Will you write out the data exactly, excluding every picture?
======== Records to use
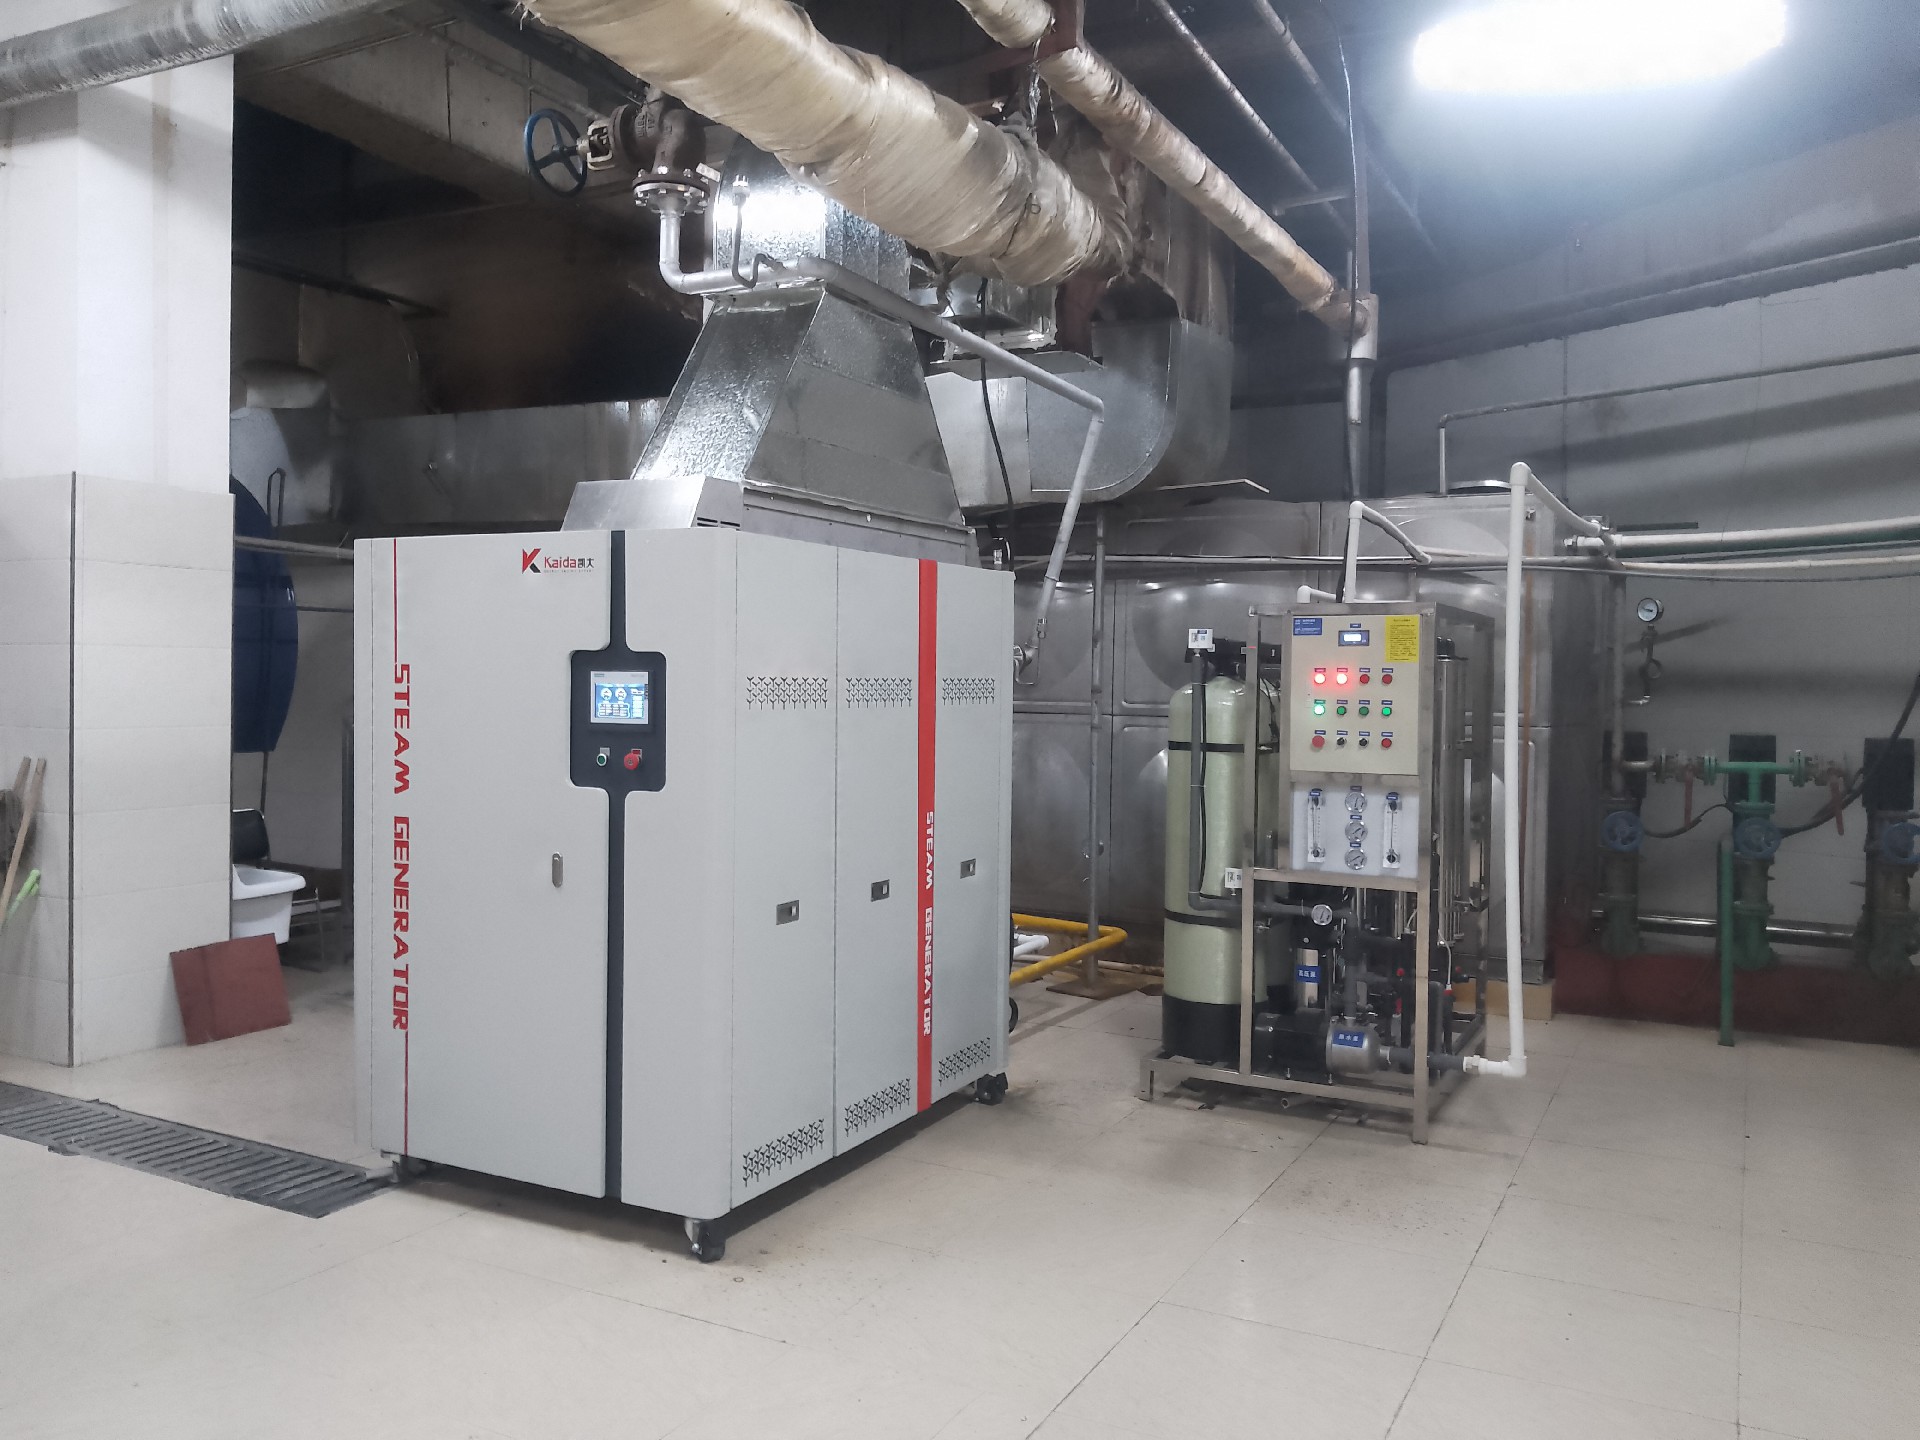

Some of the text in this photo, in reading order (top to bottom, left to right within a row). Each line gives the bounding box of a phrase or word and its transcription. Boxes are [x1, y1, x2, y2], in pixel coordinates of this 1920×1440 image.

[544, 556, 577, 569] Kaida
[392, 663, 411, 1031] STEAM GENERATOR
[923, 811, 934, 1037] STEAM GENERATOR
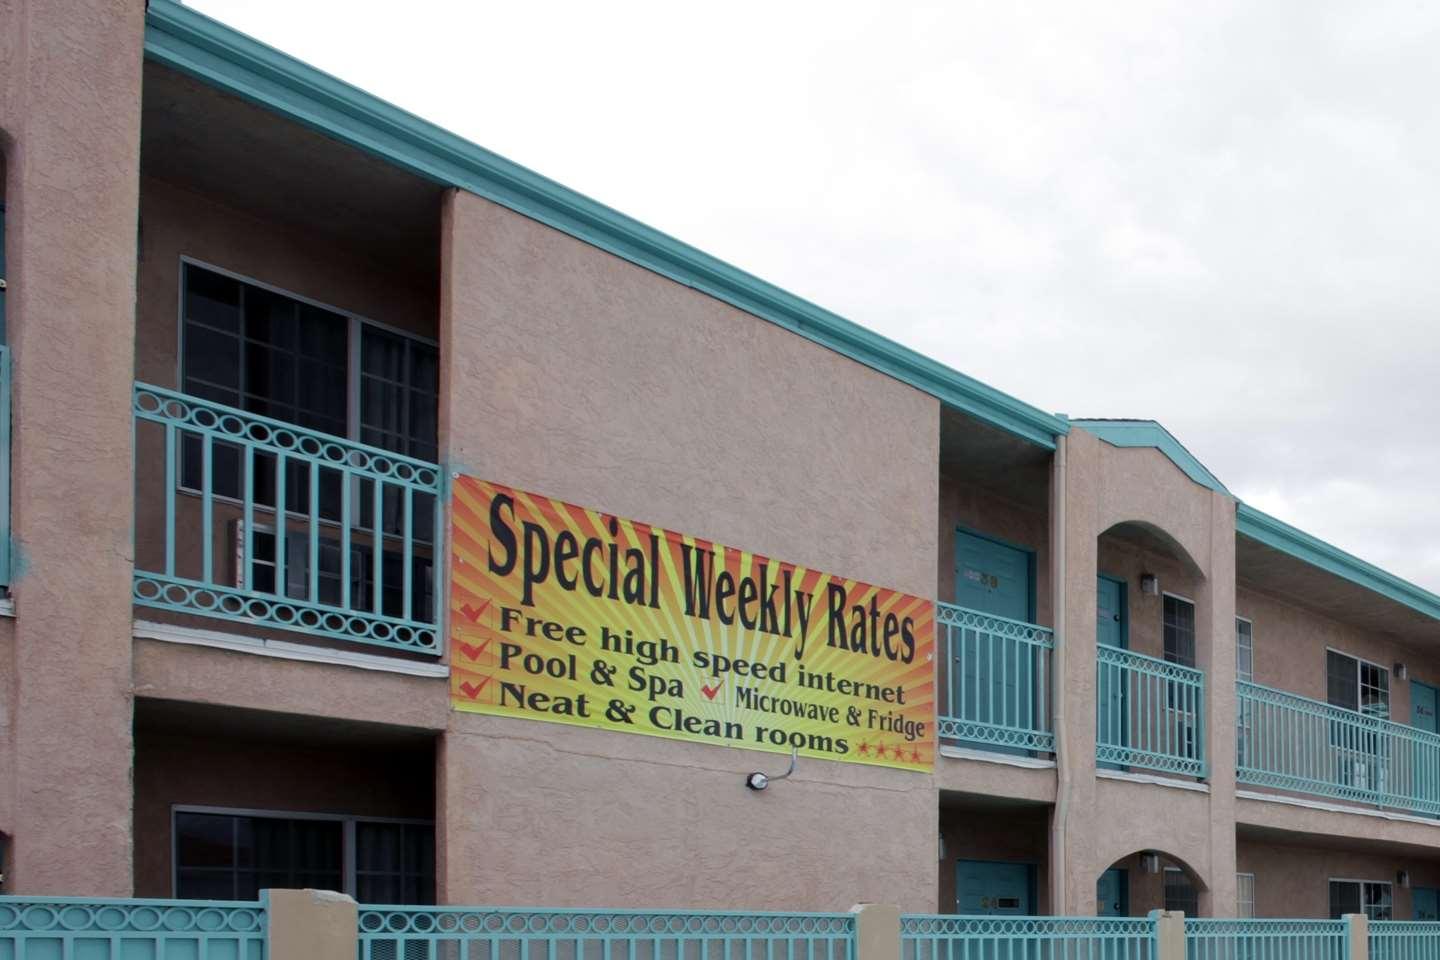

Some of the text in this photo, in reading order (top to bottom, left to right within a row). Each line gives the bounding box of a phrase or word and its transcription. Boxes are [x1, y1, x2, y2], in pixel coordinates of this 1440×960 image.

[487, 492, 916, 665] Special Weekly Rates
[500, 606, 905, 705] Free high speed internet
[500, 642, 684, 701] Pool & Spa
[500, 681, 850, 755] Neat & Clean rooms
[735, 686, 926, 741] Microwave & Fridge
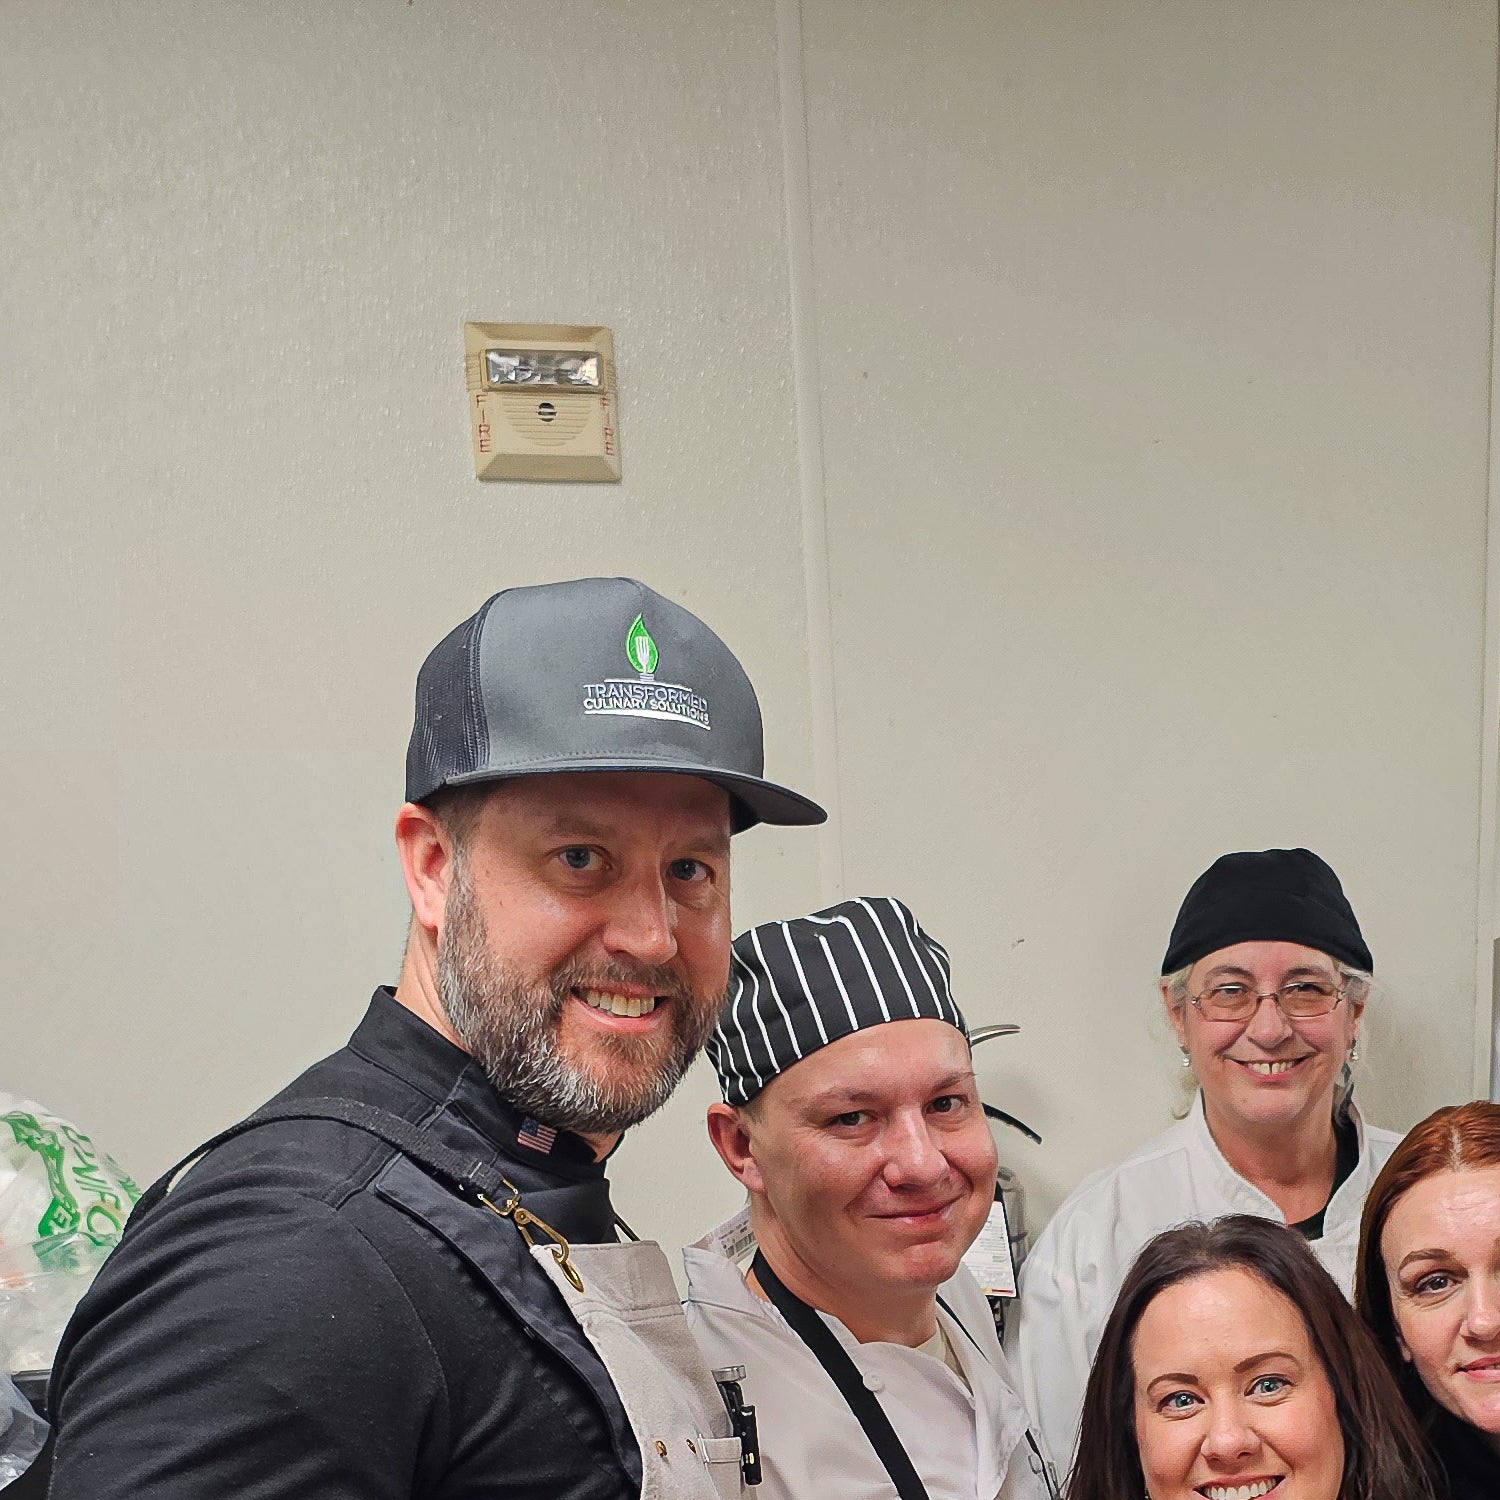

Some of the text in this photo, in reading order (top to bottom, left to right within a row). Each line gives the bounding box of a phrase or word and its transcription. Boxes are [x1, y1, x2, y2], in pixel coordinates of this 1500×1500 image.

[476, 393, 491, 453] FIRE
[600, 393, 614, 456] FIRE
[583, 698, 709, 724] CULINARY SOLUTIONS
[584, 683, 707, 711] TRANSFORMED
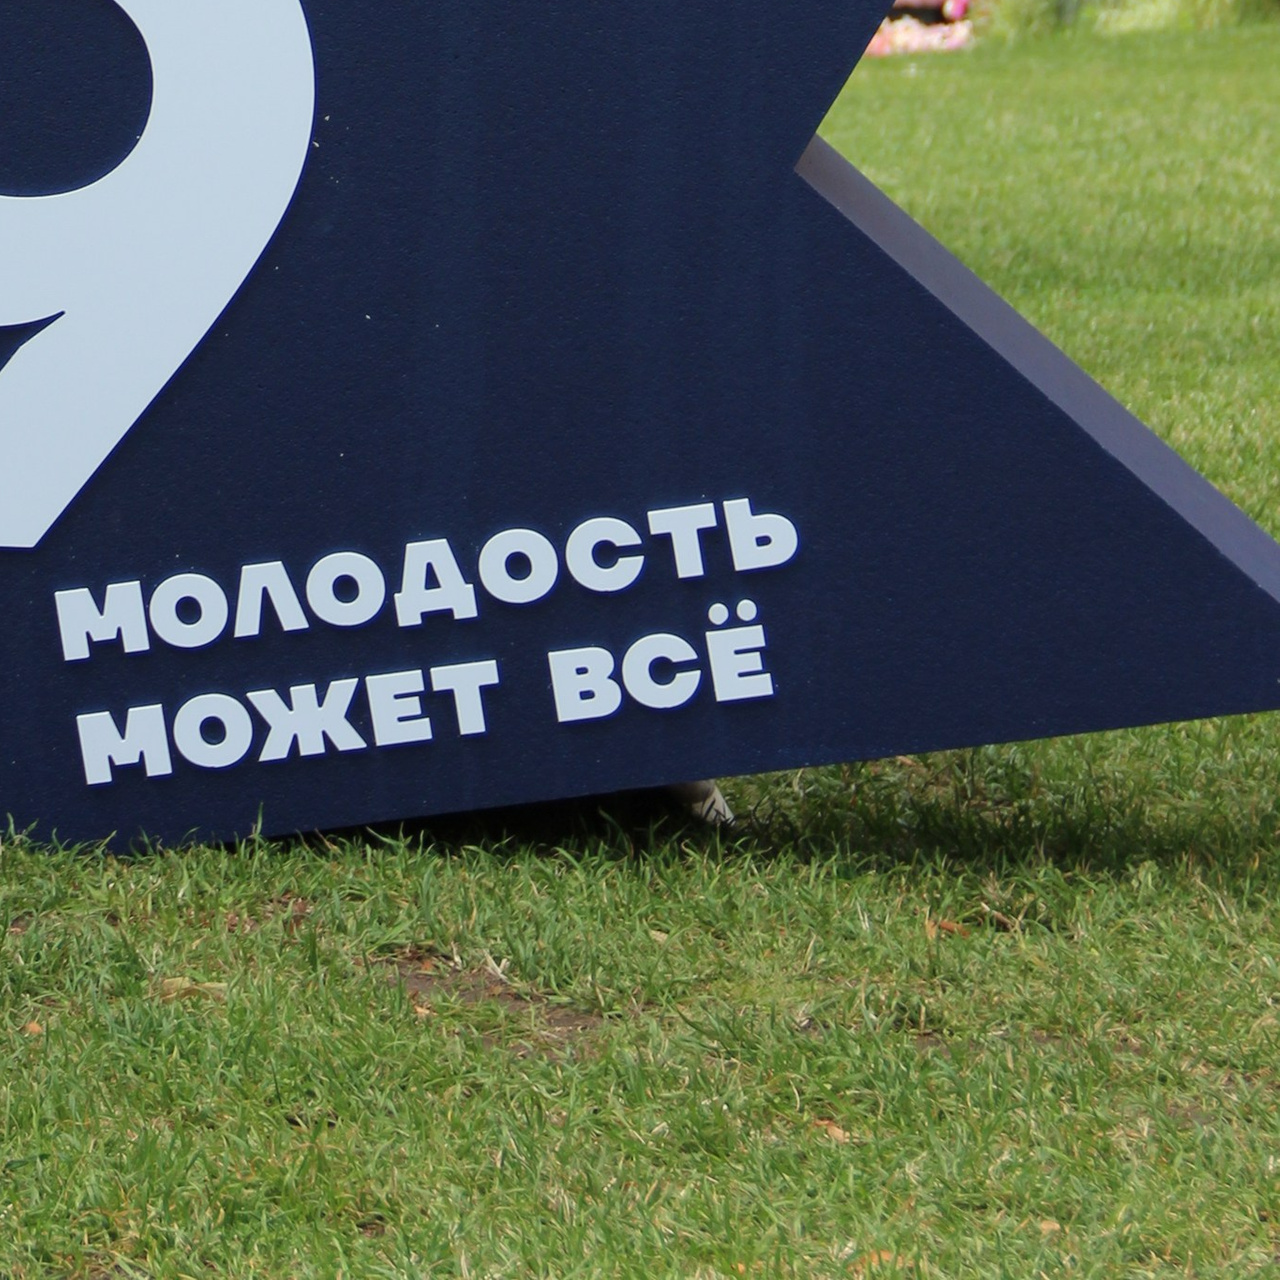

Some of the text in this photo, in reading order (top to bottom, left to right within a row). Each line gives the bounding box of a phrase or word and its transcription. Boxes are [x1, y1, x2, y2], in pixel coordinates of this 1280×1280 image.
================
--- Problem solution ---
Some of the text in this photo, in reading order (top to bottom, left to right within a row). Each line gives the bounding box of a phrase or word and its transcription. Boxes are [x1, y1, x2, y2], in pixel coordinates of this 1920×1440 image.

[544, 556, 577, 569] Kaida
[392, 663, 411, 1031] STEAM GENERATOR
[923, 811, 934, 1037] STEAM GENERATOR

Some of the text in this photo, in reading order (top to bottom, left to right within a row). Each line gives the bounding box of a phrase or word and its transcription. Boxes are [x1, y1, x2, y2], in pixel coordinates of this 1440×960 image.

[487, 492, 916, 665] Special Weekly Rates
[500, 606, 905, 705] Free high speed internet
[500, 642, 684, 701] Pool & Spa
[500, 681, 850, 755] Neat & Clean rooms
[735, 686, 926, 741] Microwave & Fridge

Some of the text in this photo, in reading order (top to bottom, left to right within a row). Each line gives the bounding box of a phrase or word and its transcription. Boxes are [x1, y1, x2, y2], in pixel coordinates of this 1500×1500 image.

[476, 393, 491, 453] FIRE
[600, 393, 614, 456] FIRE
[583, 698, 709, 724] CULINARY SOLUTIONS
[584, 683, 707, 711] TRANSFORMED

Some of the text in this photo, in reading order (top to bottom, left to right within a row). Each line gives the bounding box of a phrase or word and its transcription. Boxes are [x1, y1, x2, y2], in pixel coordinates of this 1280×1280 image.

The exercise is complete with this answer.